Defendant here is thus improperly seeking to apply the rationale of Witherspoon in order to attack the validity of his conviction and sentence to life imprisonment. Witherspoon v. Illinois, supra, n. 21. See also Bumper v. North Carolina, 391 U.S. 543, 88 S.Ct. 1788, 20 L.Ed.2d 797 (1968).
Defendant's second contention is that the court improperly heard argument in chambers, outside the presence of defendant, relating to the admissibility of certain evidence. Defendant's position is that under Rule 231, Arizona Rules of Criminal Procedure, 17 A.R.S., defendant should have been present. Rule 231 provides in pertinent part as follows:
"A. In a prosecution for a felony, the defendant shall be present:
* * * * * *
5. When evidence is addressed to the court out of presence of the jury for the purpose of laying the foundation for the introduction of evidence before the jury."
We are unable to hold that the quoted portion of the rule is applicable to the situation at bar for the reason that no evidence was heard by the judge in chambers. The transcript indicates that the trial judge, outside the presence of the jury, heard only argument of counsel. No witness was present during the discussions. Rule 233 provides that "* * * the defendant need not be present during the making, hearing of, or ruling upon any motion or application addressed to the court * * *" The defendant thus was not required under our rules to be present during the arguments of counsel.
Defendant's third and fourth contentions both concern the admissibility of testimony relating to statements made by the four-year-old son of the victim shortly after the victim was fatally shot.

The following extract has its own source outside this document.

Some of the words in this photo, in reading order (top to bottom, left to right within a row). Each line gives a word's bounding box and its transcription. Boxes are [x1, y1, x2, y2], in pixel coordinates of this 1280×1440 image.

"Q Did you have the opportunity to go to the rear of the Diamond Buffet after you heard that unusual sound?
"A Yes, when this man came in and told me to call the police, and I asked him why, then I ran out in back to see for myself what had happened.
"Q What did you see out back?
"A I seen Joyce in this car, slanted over.
* * * * * *
"BY MR. BRENNAN:
"Q What did you hear when you walked out?

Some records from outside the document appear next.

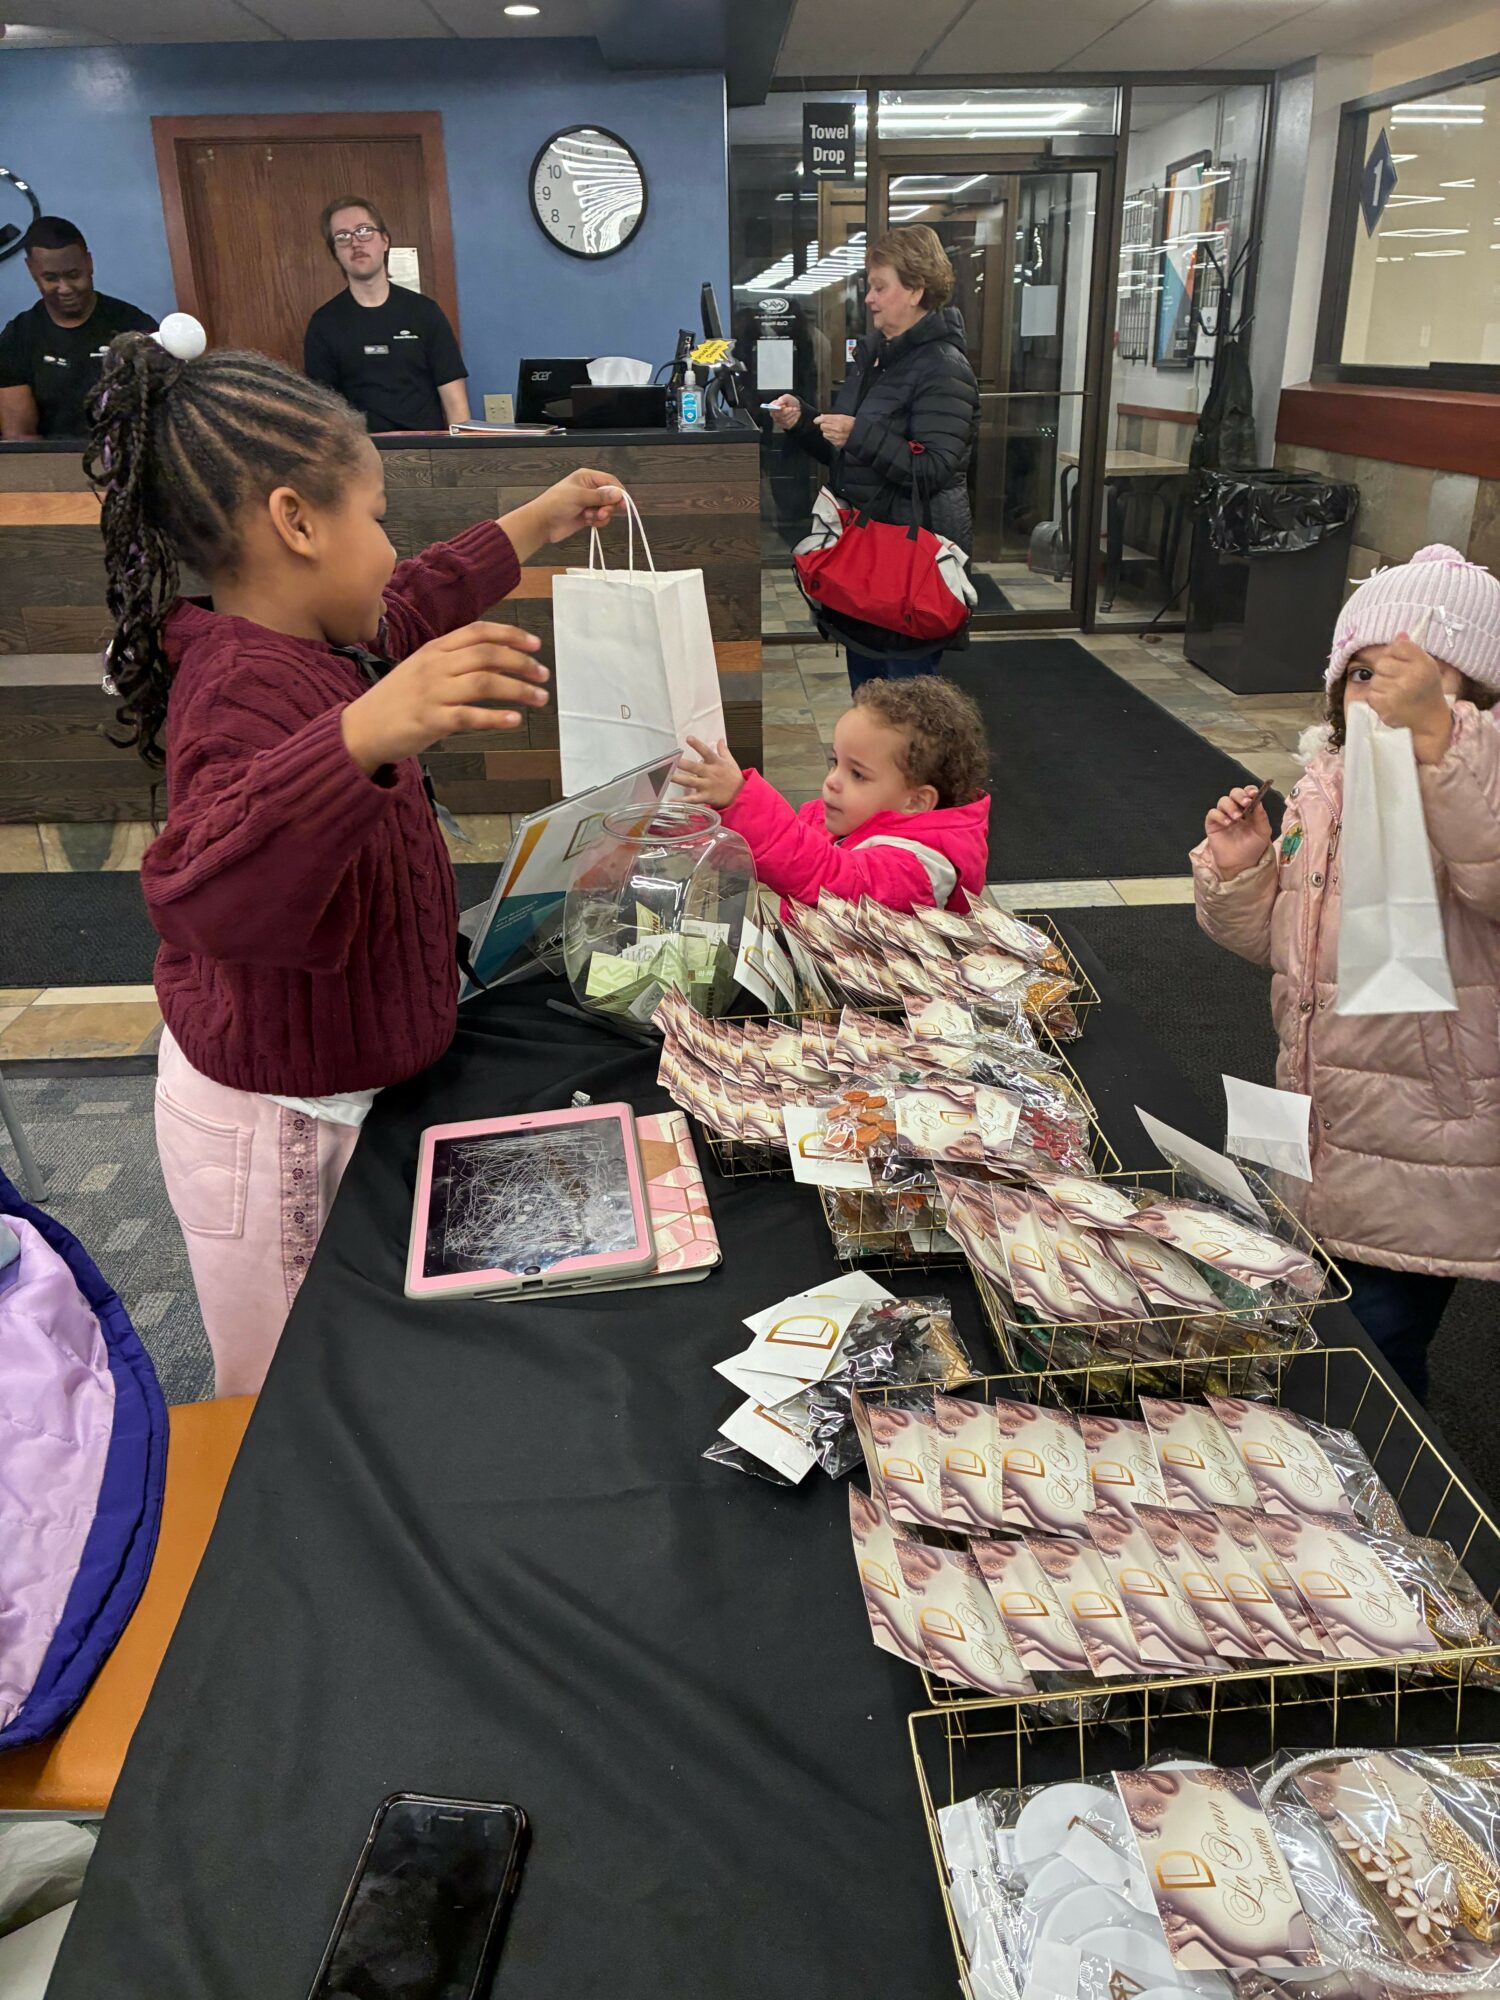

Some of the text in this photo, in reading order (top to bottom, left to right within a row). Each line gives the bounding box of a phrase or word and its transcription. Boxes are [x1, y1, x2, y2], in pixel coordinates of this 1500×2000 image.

[809, 124, 849, 139] Towel
[813, 146, 846, 165] Drop
[547, 164, 562, 179] 10
[1373, 159, 1384, 207] 1
[542, 186, 551, 201] 9
[551, 208, 560, 223] 8
[567, 225, 576, 239] 7
[531, 371, 552, 381] acer
[1200, 1800, 1266, 1927] La Donn
[1250, 1827, 1293, 1904] Accessories

"A Well, I seen Joyce sitting sideways with her head down, just, you know, kind of just half way lying and half sitting.
"Q Was she in the vehicle at that time?
"A Yes.
"Q Was anyone else present in that vehicle?
At this point a discussion was had between counsel and the court in chambers. The testimony then resumed as follows:
"BY MR. BRENNAN:
"Q Ma'am, I believe my last question to you was who else was present in the vehicle at that time?
"A Two children.
"Q Whose children were they, do you know?
"A They were her's.
"Q Could you recall what they were doing at that particular time?
*188 "A They was crying.
"Q Did either of these two children say anything to you at that time?

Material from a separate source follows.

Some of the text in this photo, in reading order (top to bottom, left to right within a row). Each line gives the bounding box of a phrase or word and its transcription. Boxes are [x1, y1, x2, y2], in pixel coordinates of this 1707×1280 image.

"A The little boy told me, he said, `Daddy shot Mommy.'
"Q. Did he say anything else?
"A I believe he said, `Daddy shot Mommy. Mommy is dead.'
"Q Did he say that just once?
"A No, he kept repeating himself.
"Q Do you recall how many times he might have said it?
"A No, I don't.
"Q Did you do anything with the children at that particular time?
"A I tried to get them out of the car, but they were frightened of me."
In attacking the admission of this testimony, defendant first contends there was no adequate foundation laid by the prosecution. As defendant correctly points out, the party offering testimony has the burden of showing that the witness had an adequate opportunity to observe. McCormick on Evidence, Sect. 10, p. 19 (1954). Defendant's brief apparently takes the position however that the prosecution failed to show that the witness had an adequate opportunity to observe the children. The record belies this contention. The quoted portion of the testimony clearly shows that the witness observed the children in the car within minutes of the shooting, that the witness knew the identity of the children and that she heard the child's statement and observed the children's reactions. With respect to the children themselves, their presence at the scene of the shooting was established not only by the testimony of this witness, but also by the testimony of a prior witness who was on the site even earlier.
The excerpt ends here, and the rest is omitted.